* [WHAT YOU NEED TO DO]: Return the full set of entries exactly. Omit none.

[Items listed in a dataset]
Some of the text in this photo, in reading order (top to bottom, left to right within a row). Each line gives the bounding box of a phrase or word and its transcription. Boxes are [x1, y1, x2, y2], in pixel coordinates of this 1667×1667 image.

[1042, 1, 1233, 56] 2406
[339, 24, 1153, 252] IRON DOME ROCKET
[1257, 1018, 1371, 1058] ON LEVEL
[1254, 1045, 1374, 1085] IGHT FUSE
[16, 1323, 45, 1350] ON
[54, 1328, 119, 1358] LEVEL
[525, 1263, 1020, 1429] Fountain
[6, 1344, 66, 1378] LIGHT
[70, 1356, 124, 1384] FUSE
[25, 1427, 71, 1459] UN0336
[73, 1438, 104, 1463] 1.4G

* [PROBLEM SOLUTION]:
Some of the text in this photo, in reading order (top to bottom, left to right within a row). Each line gives the bounding box of a phrase or word and its transcription. Boxes are [x1, y1, x2, y2], in pixel coordinates of this 1667×1667 image.

[1042, 1, 1233, 56] 2406
[339, 24, 1153, 252] IRON DOME ROCKET
[1257, 1018, 1371, 1058] ON LEVEL
[1254, 1045, 1374, 1085] IGHT FUSE
[16, 1323, 45, 1350] ON
[54, 1328, 119, 1358] LEVEL
[525, 1263, 1020, 1429] Fountain
[6, 1344, 66, 1378] LIGHT
[70, 1356, 124, 1384] FUSE
[25, 1427, 71, 1459] UN0336
[73, 1438, 104, 1463] 1.4G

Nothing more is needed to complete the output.